* **What you need to do**: A verbatim copy of the data is wanted, minus any picture in it.

---*---

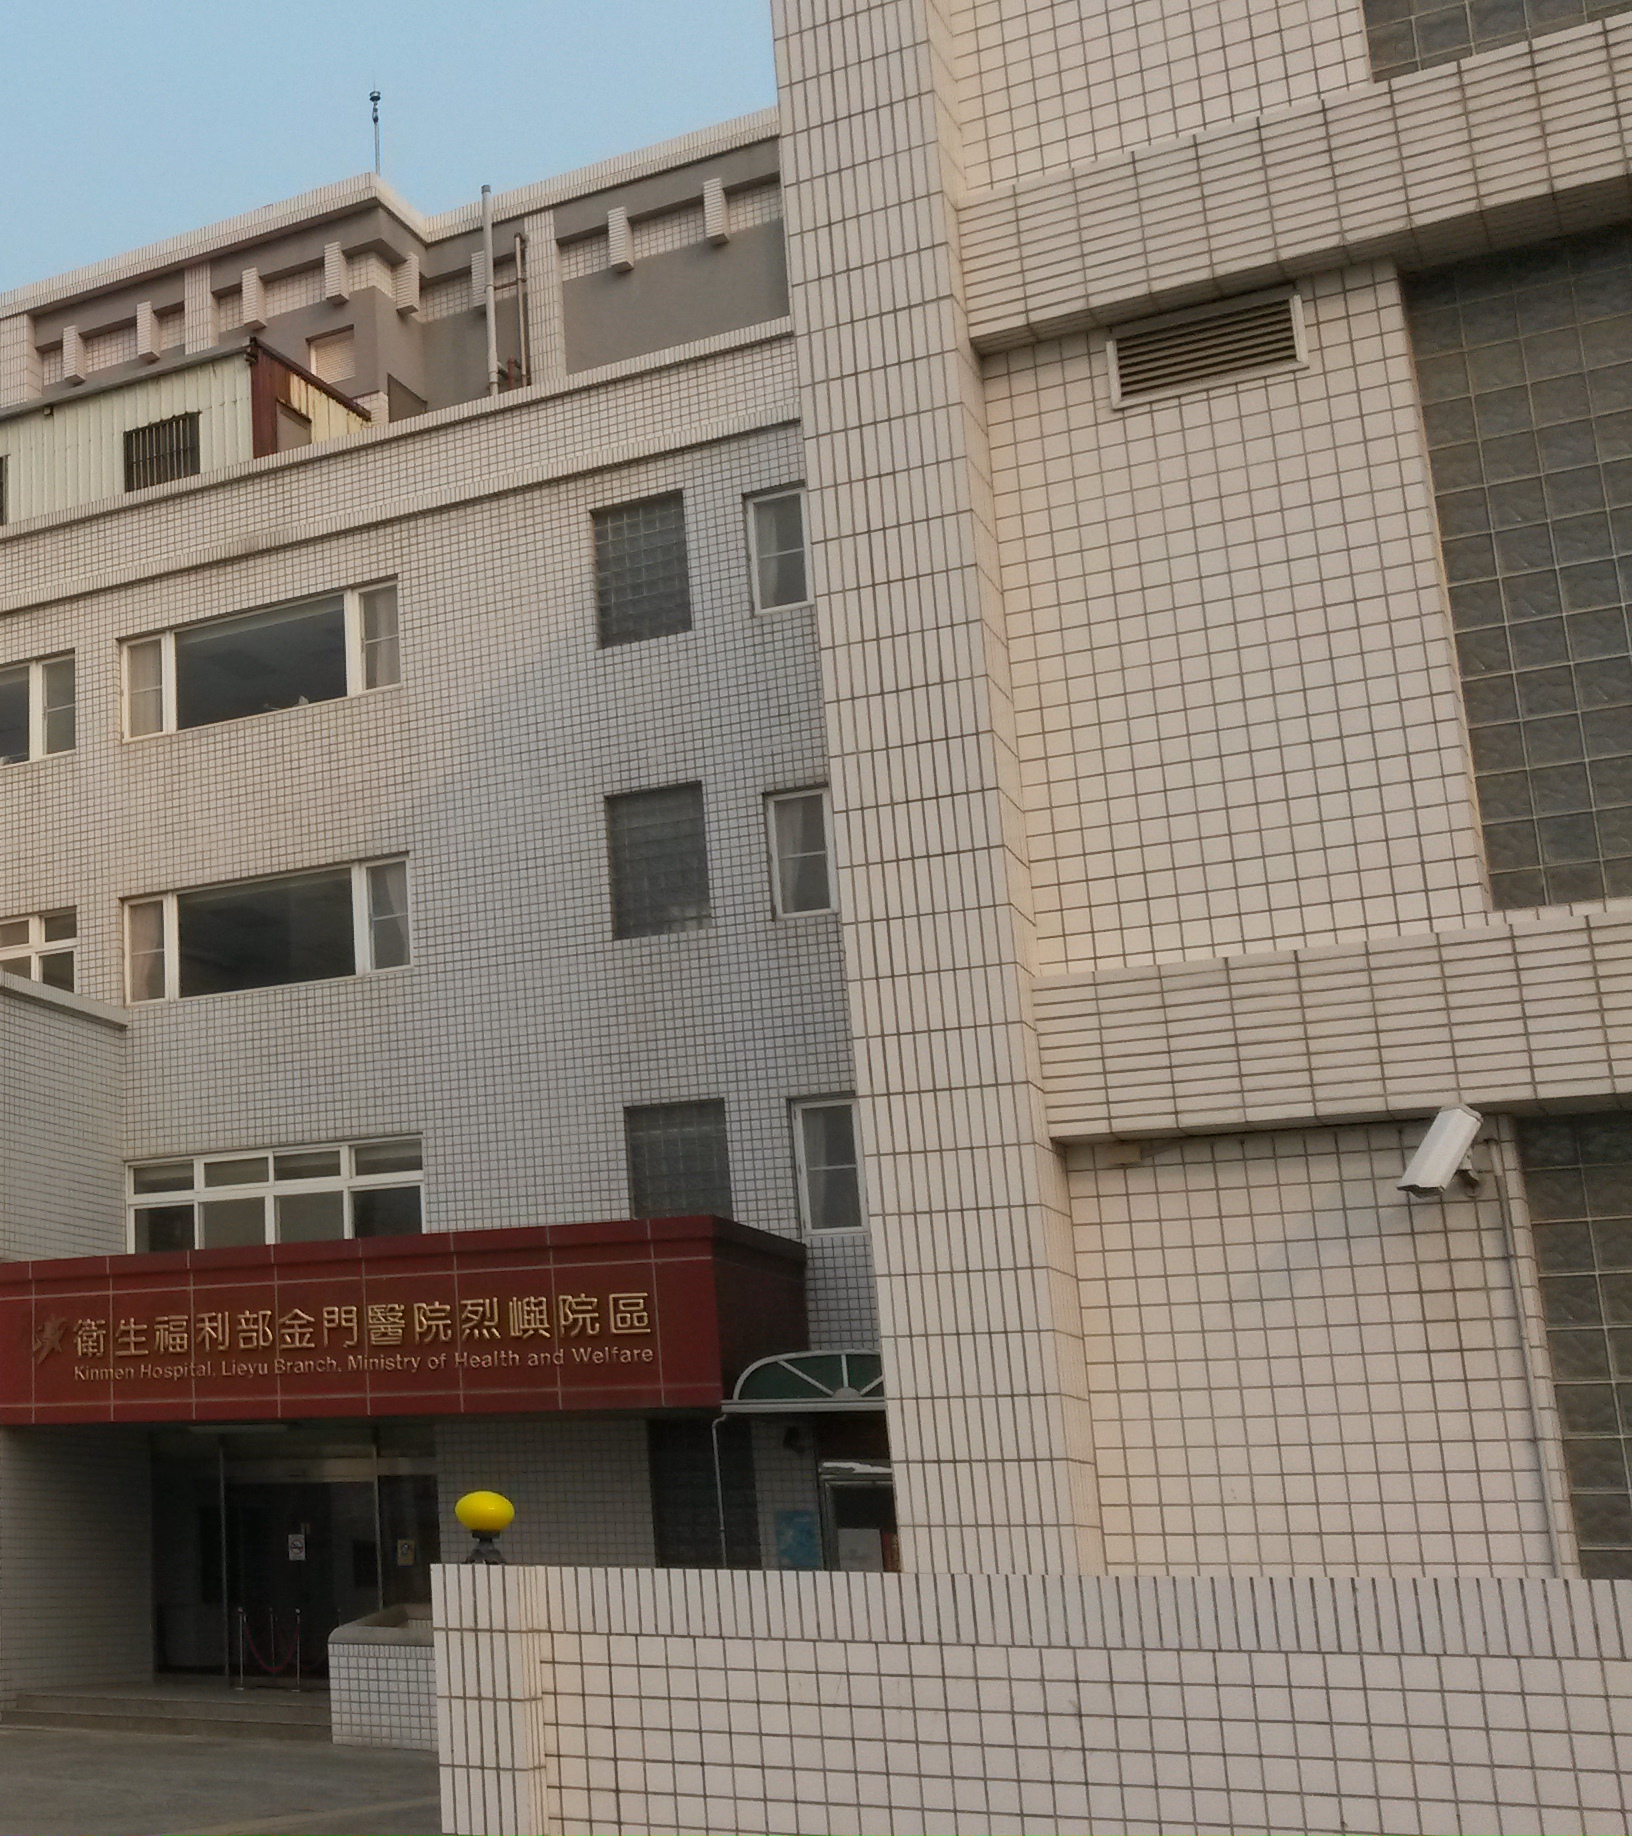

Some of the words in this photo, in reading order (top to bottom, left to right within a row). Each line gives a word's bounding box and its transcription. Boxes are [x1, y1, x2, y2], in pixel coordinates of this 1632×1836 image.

[73, 1292, 652, 1358] 衛生福利部金門醫院烈嶼院區
[73, 1364, 135, 1381] Kinmen
[221, 1358, 269, 1379] Lieyu
[347, 1350, 422, 1373] Ministry
[427, 1353, 447, 1370] of
[454, 1349, 520, 1369] Health
[526, 1349, 565, 1367] and
[572, 1346, 654, 1365] Welfare

---*---

* **Result for this task**:
Some of the words in this photo, in reading order (top to bottom, left to right within a row). Each line gives a word's bounding box and its transcription. Boxes are [x1, y1, x2, y2], in pixel coordinates of this 1632×1836 image.

[73, 1292, 652, 1358] 衛生福利部金門醫院烈嶼院區
[73, 1364, 135, 1381] Kinmen
[221, 1358, 269, 1379] Lieyu
[347, 1350, 422, 1373] Ministry
[427, 1353, 447, 1370] of
[454, 1349, 520, 1369] Health
[526, 1349, 565, 1367] and
[572, 1346, 654, 1365] Welfare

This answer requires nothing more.